[Stored data entries]
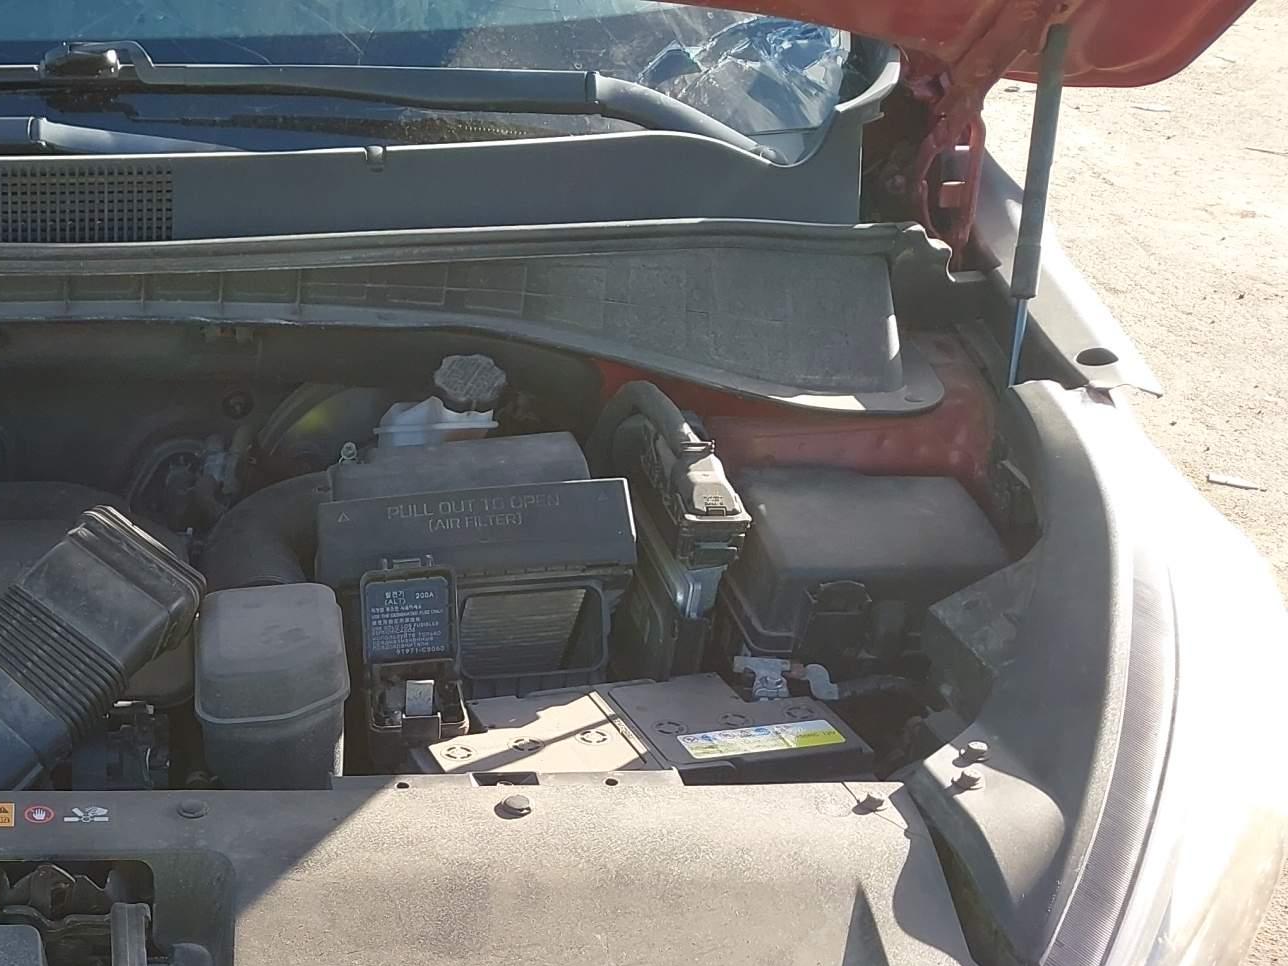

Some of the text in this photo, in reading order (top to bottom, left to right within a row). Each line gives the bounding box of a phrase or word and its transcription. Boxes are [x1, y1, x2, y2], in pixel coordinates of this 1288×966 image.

[387, 493, 560, 520] PULL OUT TO OPEN
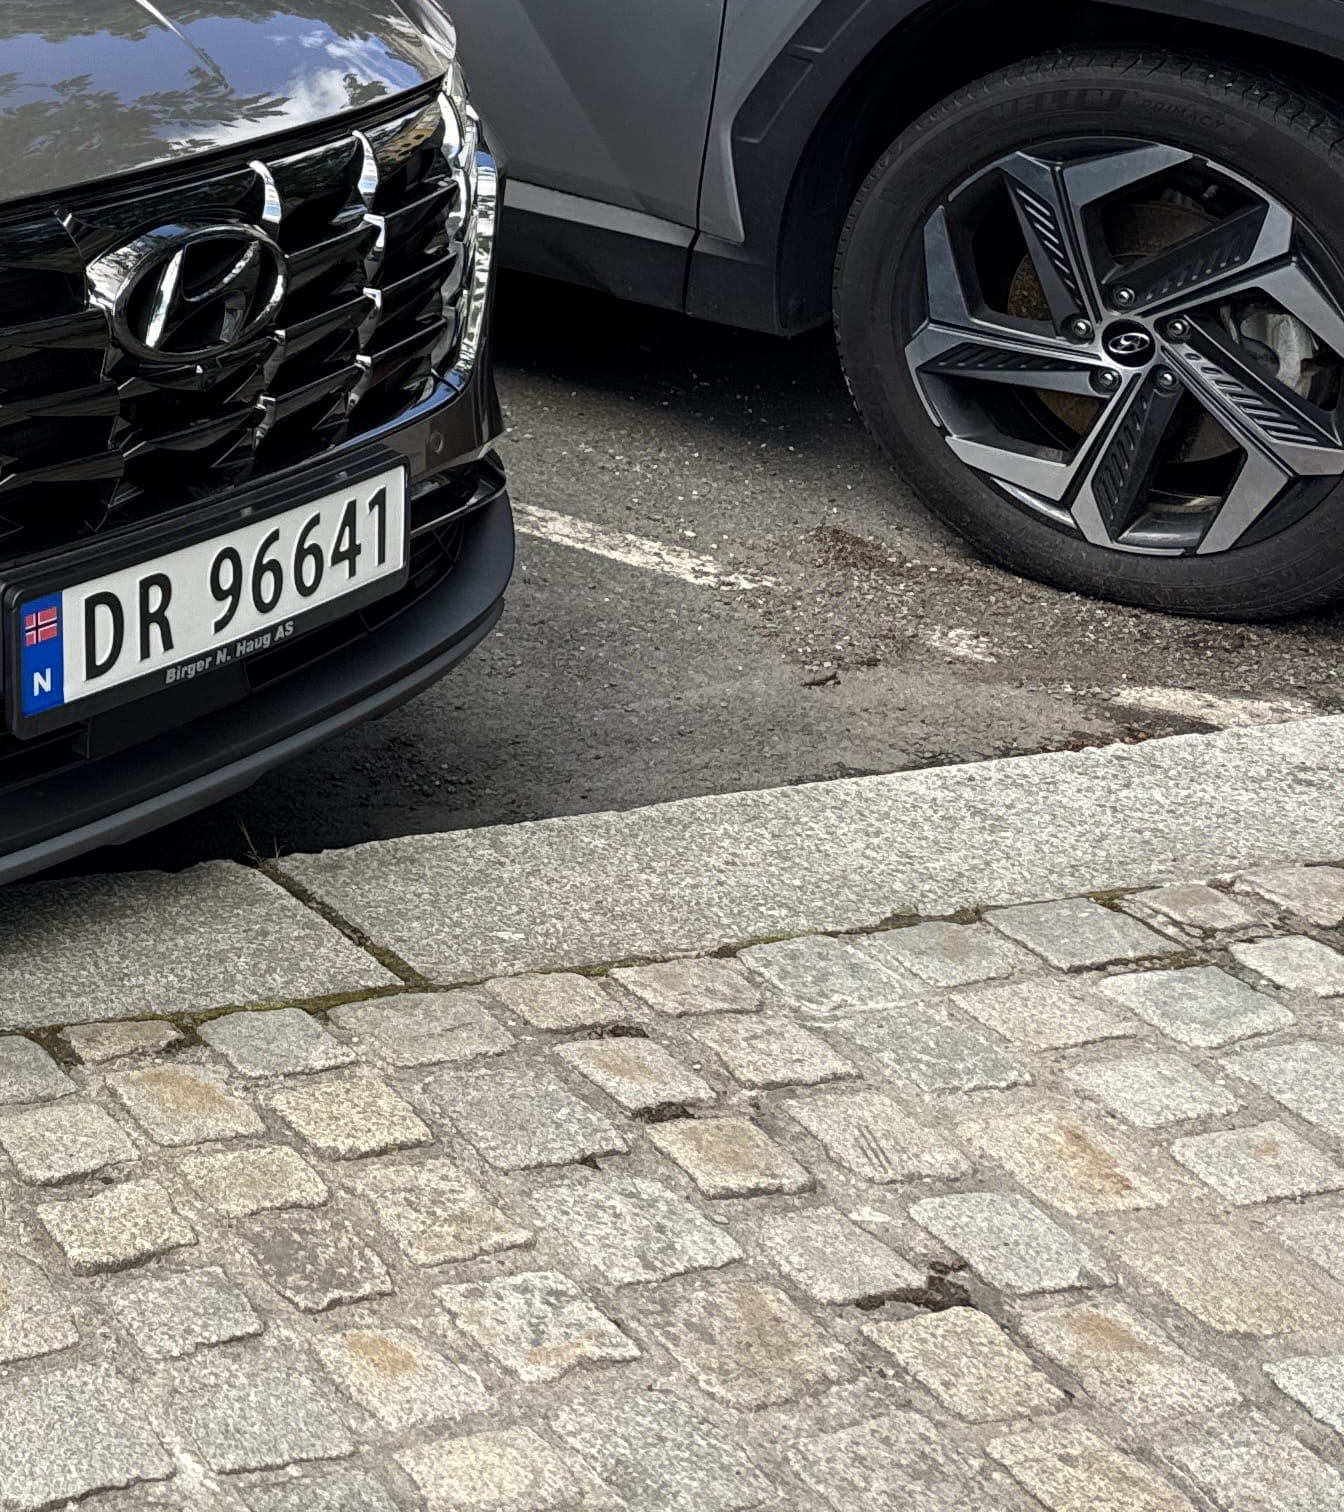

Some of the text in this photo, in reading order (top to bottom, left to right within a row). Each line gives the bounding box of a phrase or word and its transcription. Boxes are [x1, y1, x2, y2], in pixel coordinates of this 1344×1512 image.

[84, 485, 386, 682] DR 96641
[33, 667, 52, 697] N
[166, 621, 294, 684] Birger N. Haug AS
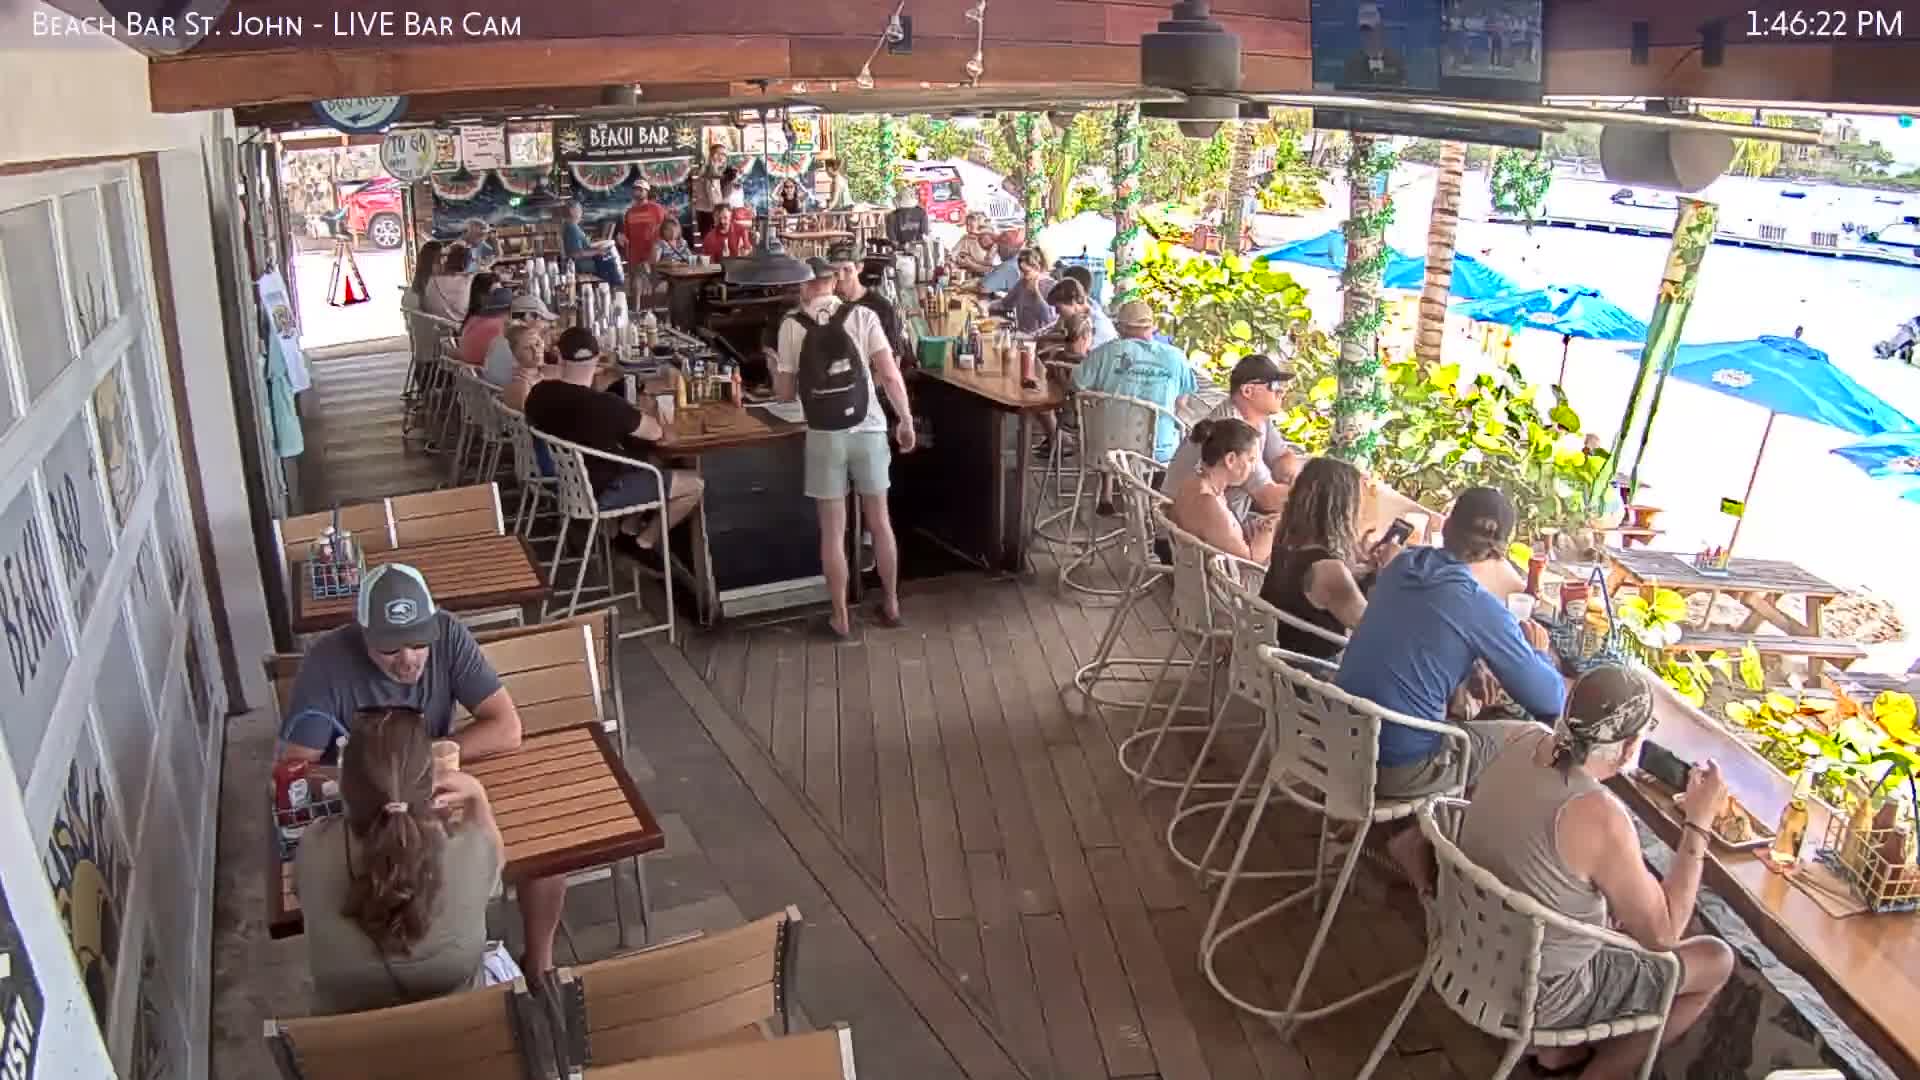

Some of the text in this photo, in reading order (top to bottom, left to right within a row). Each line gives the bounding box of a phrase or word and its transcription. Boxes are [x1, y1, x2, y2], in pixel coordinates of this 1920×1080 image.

[389, 134, 426, 153] TO GO
[589, 125, 670, 147] BEACH BAR

§ **AIM OF THE EXERCISE**: Take the line containing "this 1344×1512 image." and every line after it up to the end of the entries, and quote them exactly. Both ends count; the pictures do not.

§ **ANSWER TO THE PROBLEM**:
Some of the text in this photo, in reading order (top to bottom, left to right within a row). Each line gives the bounding box of a phrase or word and its transcription. Boxes are [x1, y1, x2, y2], in pixel coordinates of this 1344×1512 image.

[84, 485, 386, 682] DR 96641
[33, 667, 52, 697] N
[166, 621, 294, 684] Birger N. Haug AS

Some of the text in this photo, in reading order (top to bottom, left to right within a row). Each line gives the bounding box of a phrase or word and its transcription. Boxes are [x1, y1, x2, y2], in pixel coordinates of this 1920×1080 image.

[389, 134, 426, 153] TO GO
[589, 125, 670, 147] BEACH BAR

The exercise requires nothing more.